- What the exercise asks
Exclude the pictures, and otherwise reproduce the data in full.

Saved data entries
▬▬▬▬▬▬

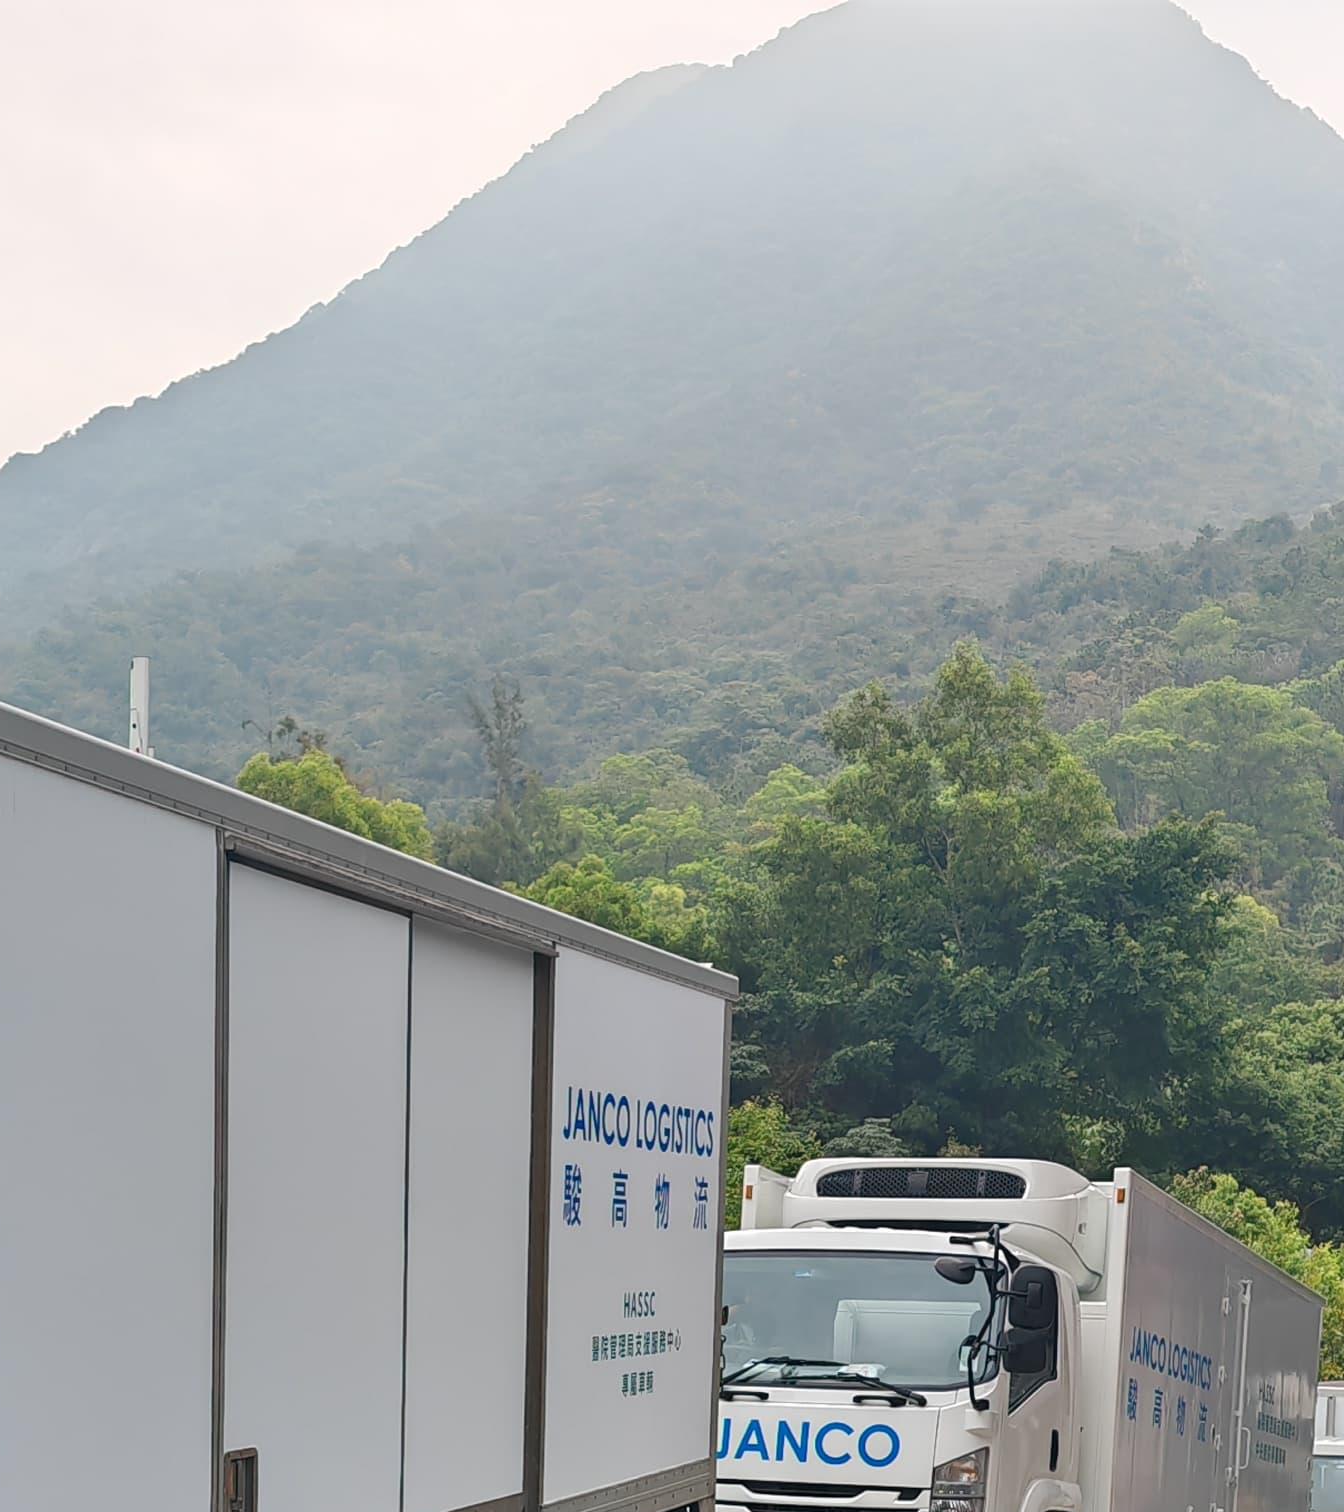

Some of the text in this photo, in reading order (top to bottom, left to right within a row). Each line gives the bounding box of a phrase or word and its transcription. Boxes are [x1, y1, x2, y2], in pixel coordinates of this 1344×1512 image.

[564, 1086, 714, 1157] JANCO LOGISTICS
[563, 1164, 708, 1229] 駿高物流
[624, 1292, 656, 1318] HASSC
[1130, 1326, 1212, 1391] JANCO LOGISTICS
[716, 1418, 900, 1468] JANCO
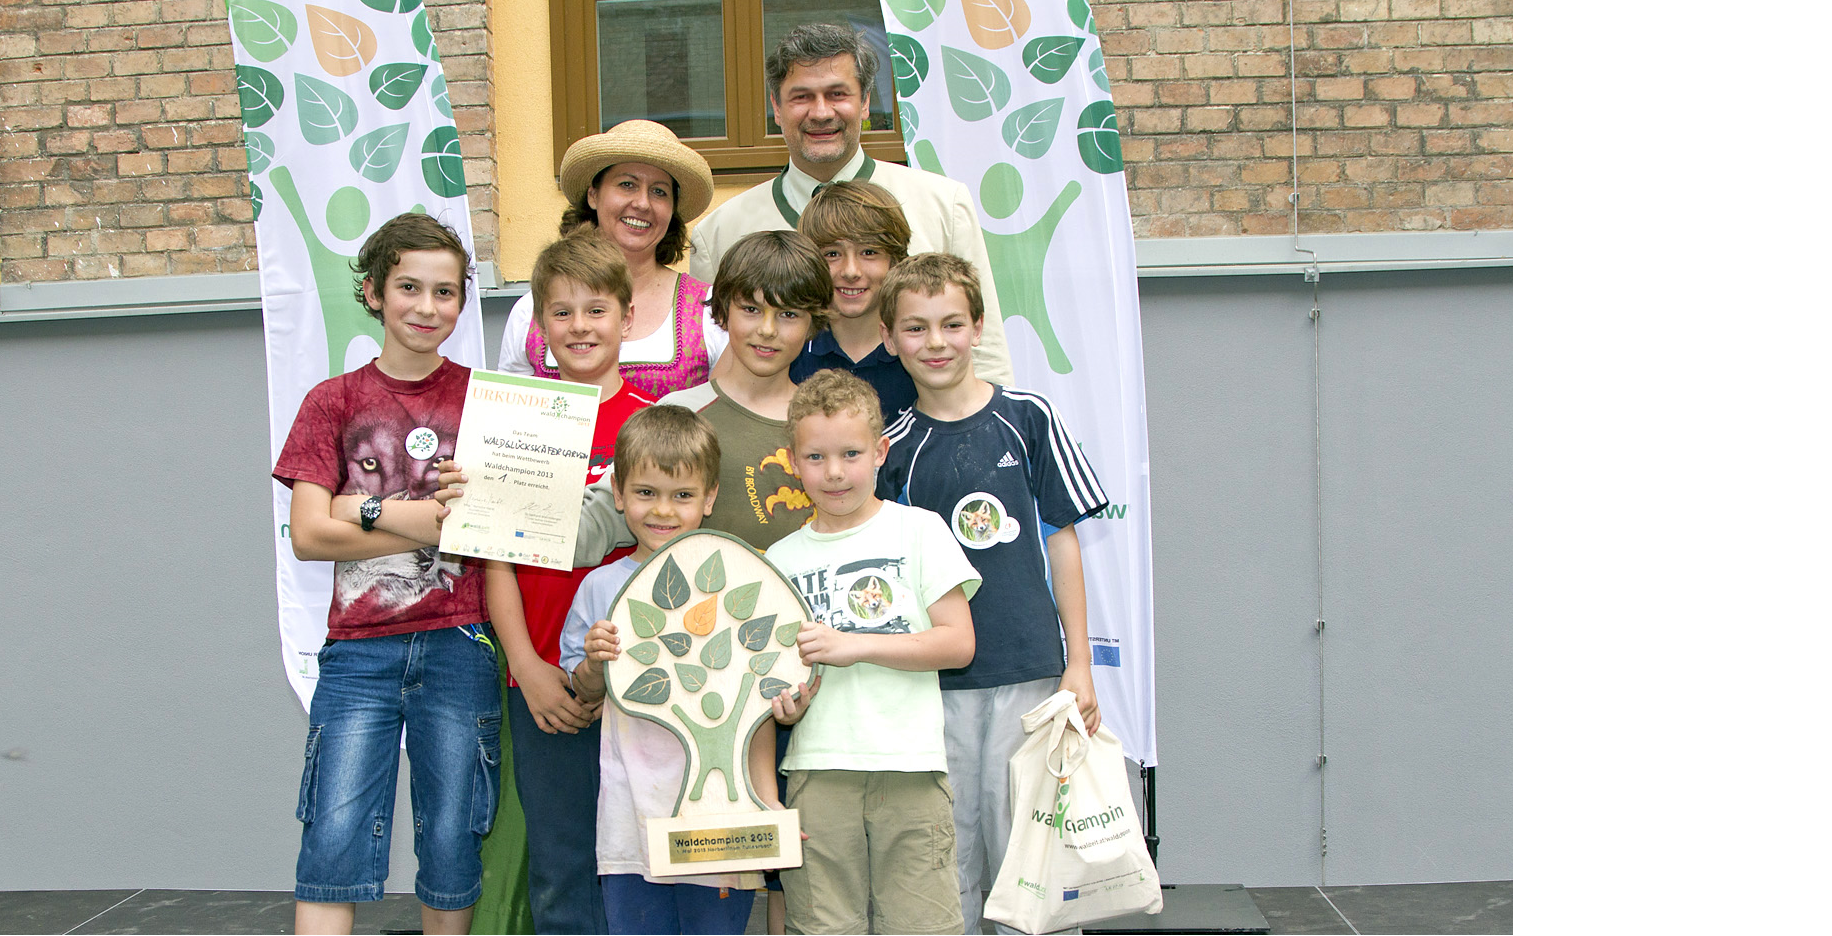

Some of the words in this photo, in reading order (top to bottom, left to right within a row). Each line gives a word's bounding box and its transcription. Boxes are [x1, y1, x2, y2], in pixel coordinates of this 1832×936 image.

[473, 387, 550, 409] URKUNDE
[560, 413, 591, 423] champion
[523, 431, 538, 439] Team
[516, 455, 551, 466] Wettbewerb
[996, 460, 1019, 468] adidas
[484, 461, 536, 476] Waldchampion
[536, 470, 554, 479] 2013
[745, 465, 755, 477] BY
[513, 479, 527, 487] Platz
[527, 482, 551, 490] erreicht.
[744, 477, 769, 524] BROADWAY
[675, 834, 747, 848] Waldchampion
[750, 832, 774, 843] 2013
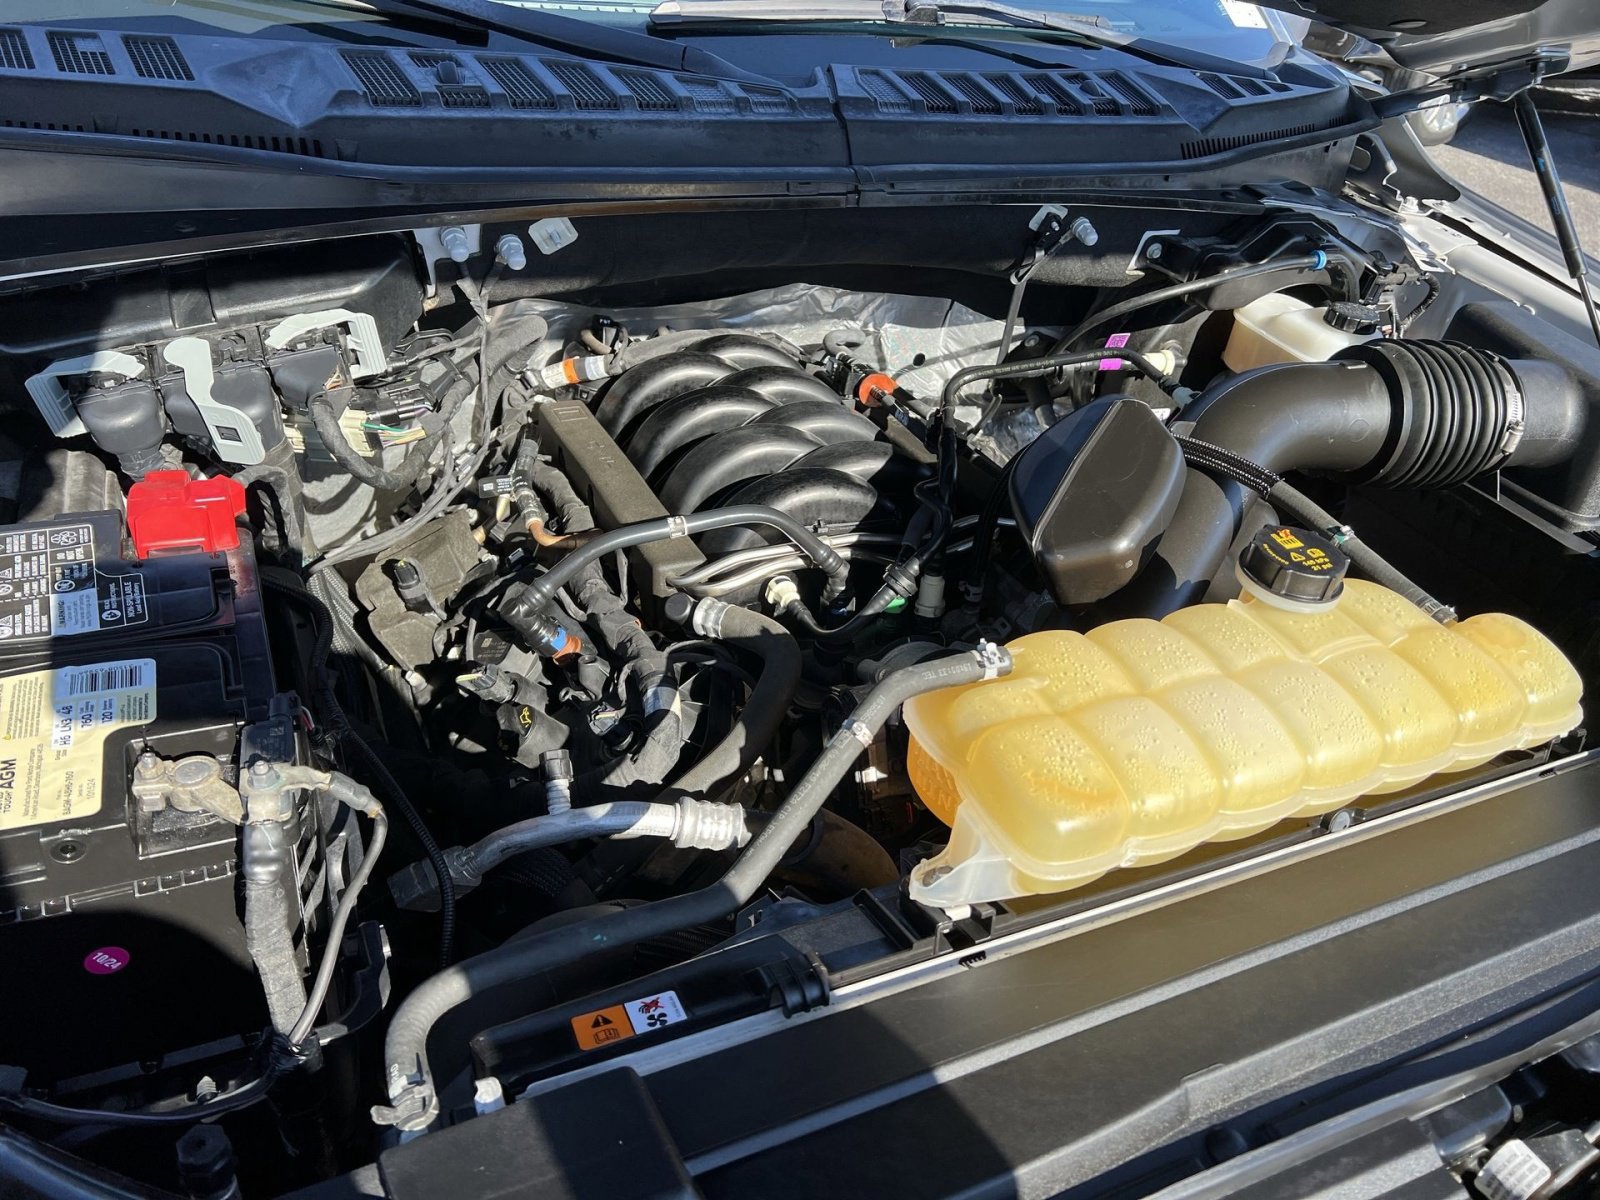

▬▬▬▬▬▬

- Task response
Some of the text in this photo, in reading order (top to bottom, left to right within a row). Each line gives the bounding box of a phrase or word and its transcription. Boxes are [x1, y1, x2, y2], in pixel coordinates of this 1344×1512 image.

[564, 1086, 714, 1157] JANCO LOGISTICS
[563, 1164, 708, 1229] 駿高物流
[624, 1292, 656, 1318] HASSC
[1130, 1326, 1212, 1391] JANCO LOGISTICS
[716, 1418, 900, 1468] JANCO

Some of the words in this photo, in reading order (top to bottom, left to right within a row). Each line gives a word's bounding box and its transcription. Boxes are [x1, y1, x2, y2], in pixel coordinates of this 1832×936 image.

[473, 387, 550, 409] URKUNDE
[560, 413, 591, 423] champion
[523, 431, 538, 439] Team
[516, 455, 551, 466] Wettbewerb
[996, 460, 1019, 468] adidas
[484, 461, 536, 476] Waldchampion
[536, 470, 554, 479] 2013
[745, 465, 755, 477] BY
[513, 479, 527, 487] Platz
[527, 482, 551, 490] erreicht.
[744, 477, 769, 524] BROADWAY
[675, 834, 747, 848] Waldchampion
[750, 832, 774, 843] 2013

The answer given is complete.